## Goal of the exercise
Set down a faithful copy of every record, and skip the pictures in it.

(Extracted records)
* * * * *

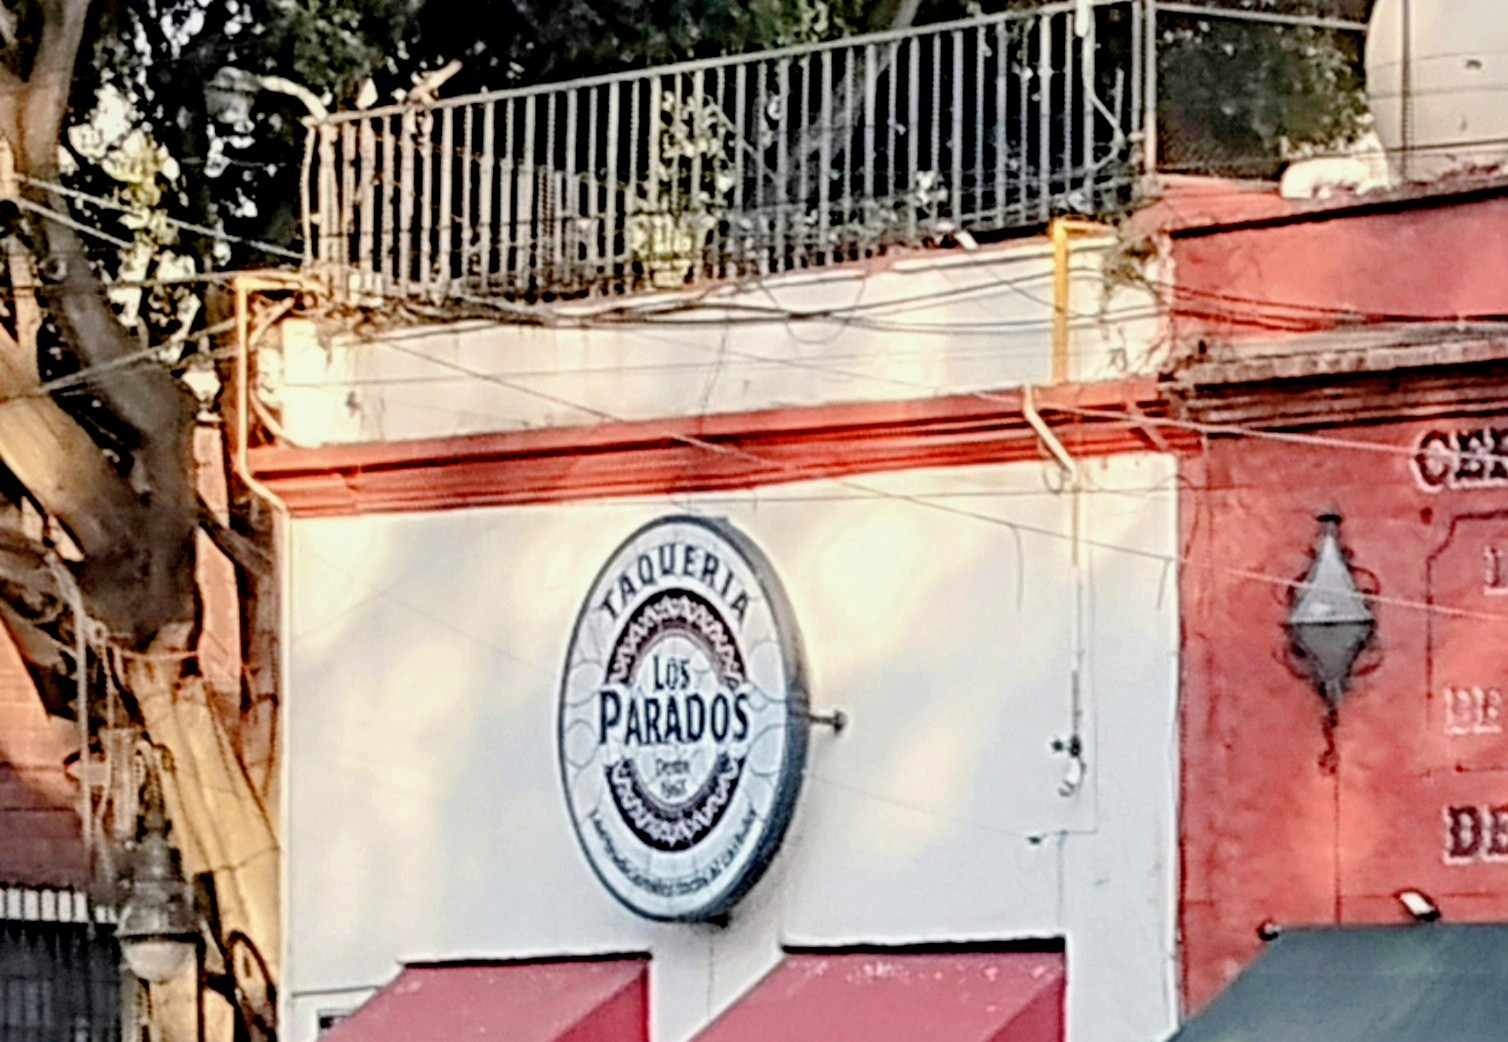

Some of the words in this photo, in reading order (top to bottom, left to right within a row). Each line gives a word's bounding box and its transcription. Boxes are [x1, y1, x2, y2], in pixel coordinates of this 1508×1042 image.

[598, 543, 749, 623] TAQUERIA
[652, 654, 691, 691] LOS
[599, 690, 749, 746] PARADOS
[1444, 686, 1501, 735] DE
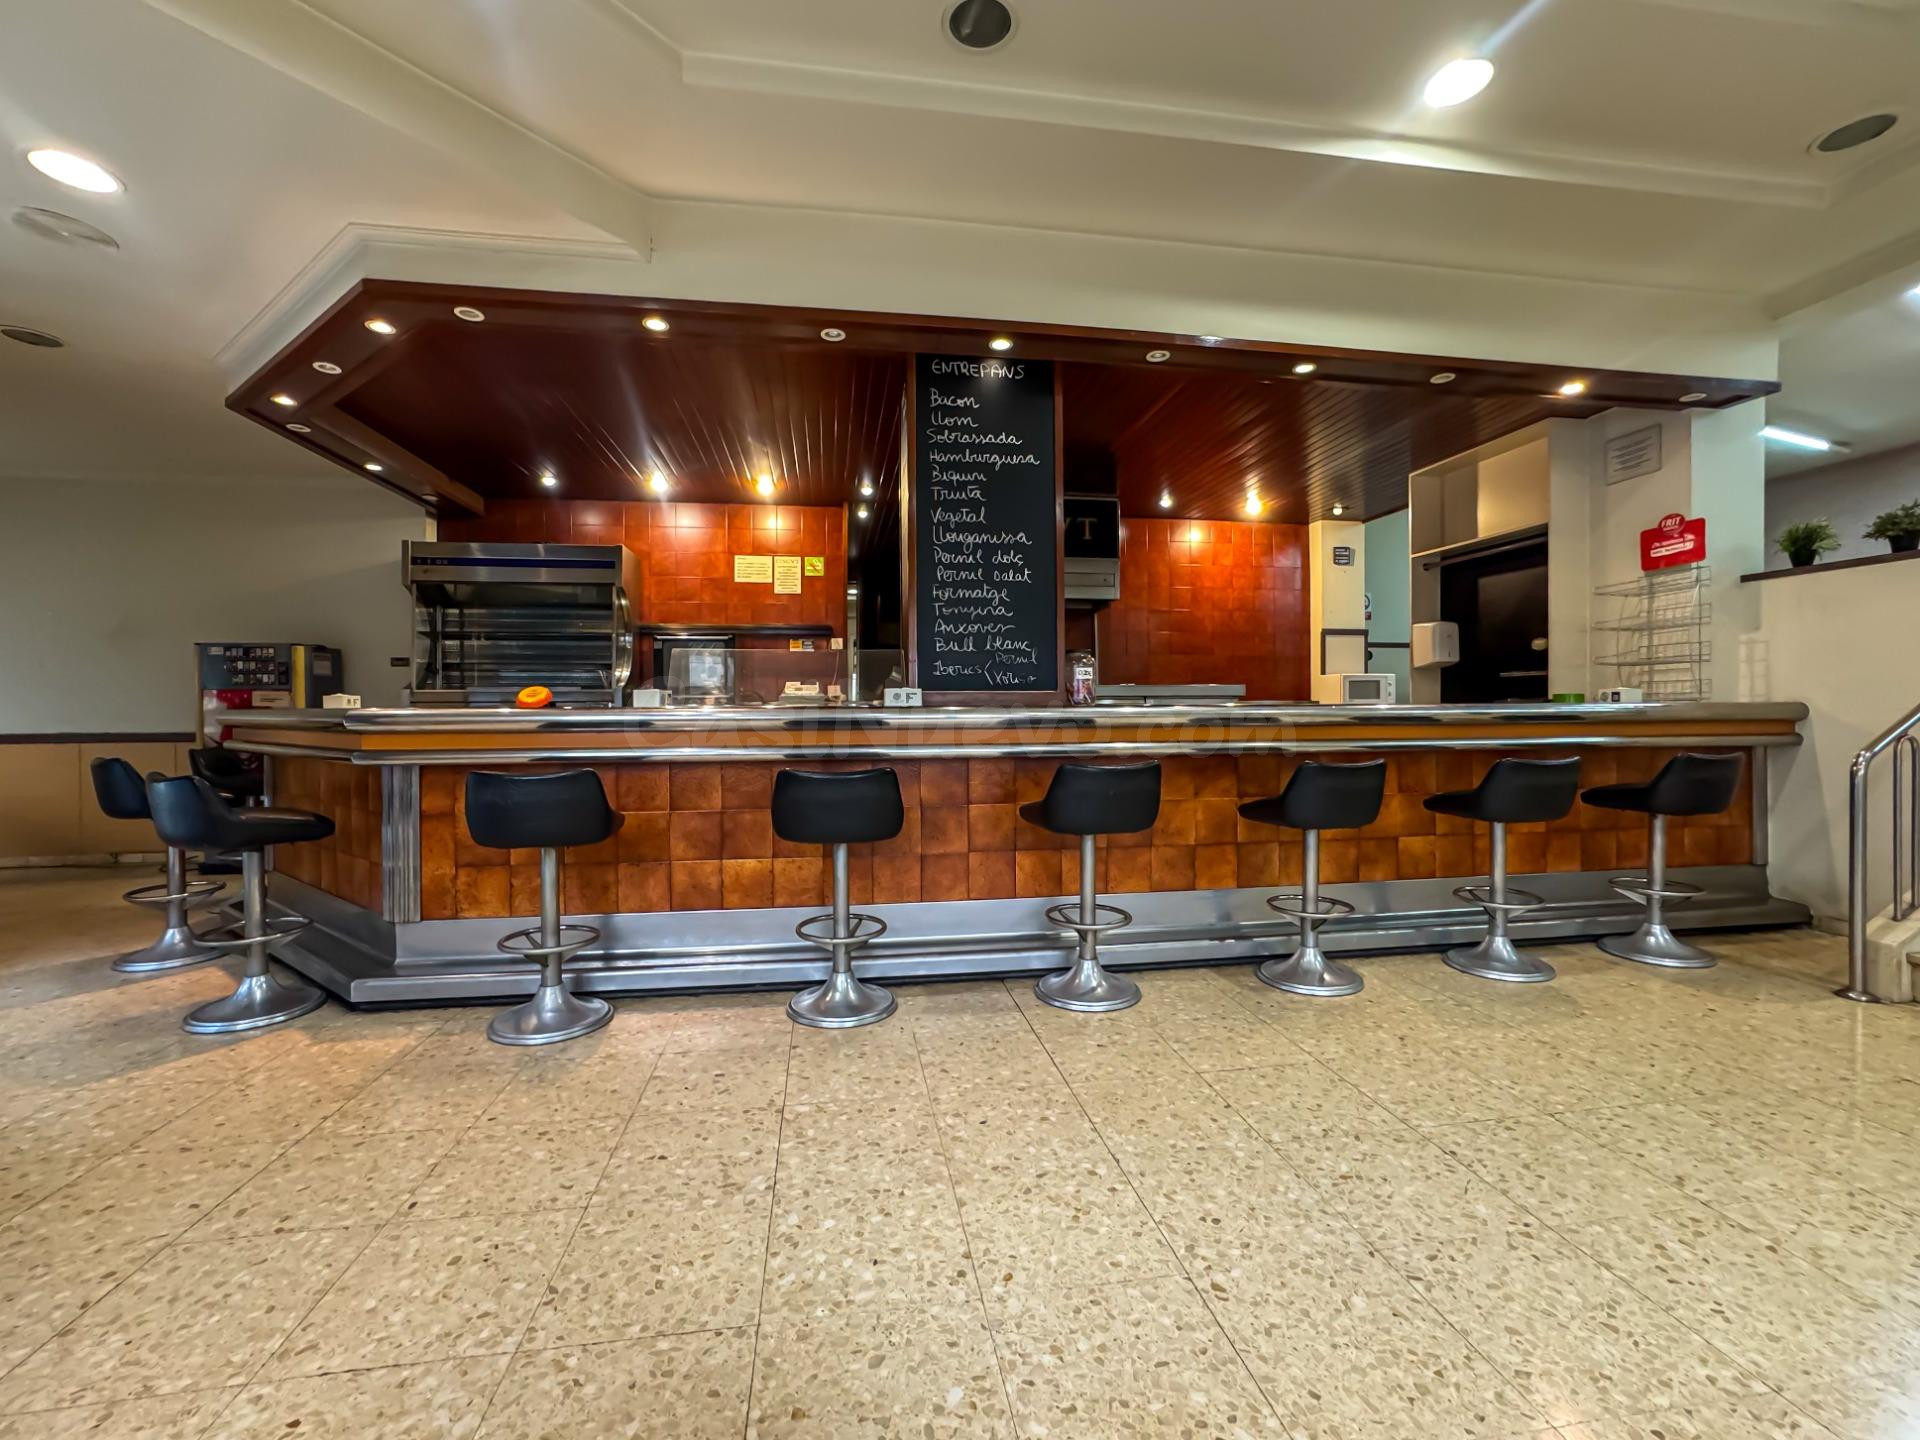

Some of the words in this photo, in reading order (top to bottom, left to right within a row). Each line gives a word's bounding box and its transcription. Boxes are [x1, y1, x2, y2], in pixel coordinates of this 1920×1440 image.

[932, 359, 1025, 379] ENTREPANS
[930, 388, 980, 408] Bacon
[926, 429, 1023, 444] Sobrassada
[929, 449, 1040, 471] Hamburguesa
[931, 506, 987, 528] Vegetal
[1661, 516, 1682, 528] FRIT
[937, 565, 984, 581] Pernil
[933, 583, 1011, 606] Formatge

* * * * *

## Answer to this exercise
Some of the words in this photo, in reading order (top to bottom, left to right within a row). Each line gives a word's bounding box and its transcription. Boxes are [x1, y1, x2, y2], in pixel coordinates of this 1508×1042 image.

[598, 543, 749, 623] TAQUERIA
[652, 654, 691, 691] LOS
[599, 690, 749, 746] PARADOS
[1444, 686, 1501, 735] DE

Some of the words in this photo, in reading order (top to bottom, left to right within a row). Each line gives a word's bounding box and its transcription. Boxes are [x1, y1, x2, y2], in pixel coordinates of this 1920×1440 image.

[932, 359, 1025, 379] ENTREPANS
[930, 388, 980, 408] Bacon
[926, 429, 1023, 444] Sobrassada
[929, 449, 1040, 471] Hamburguesa
[931, 506, 987, 528] Vegetal
[1661, 516, 1682, 528] FRIT
[937, 565, 984, 581] Pernil
[933, 583, 1011, 606] Formatge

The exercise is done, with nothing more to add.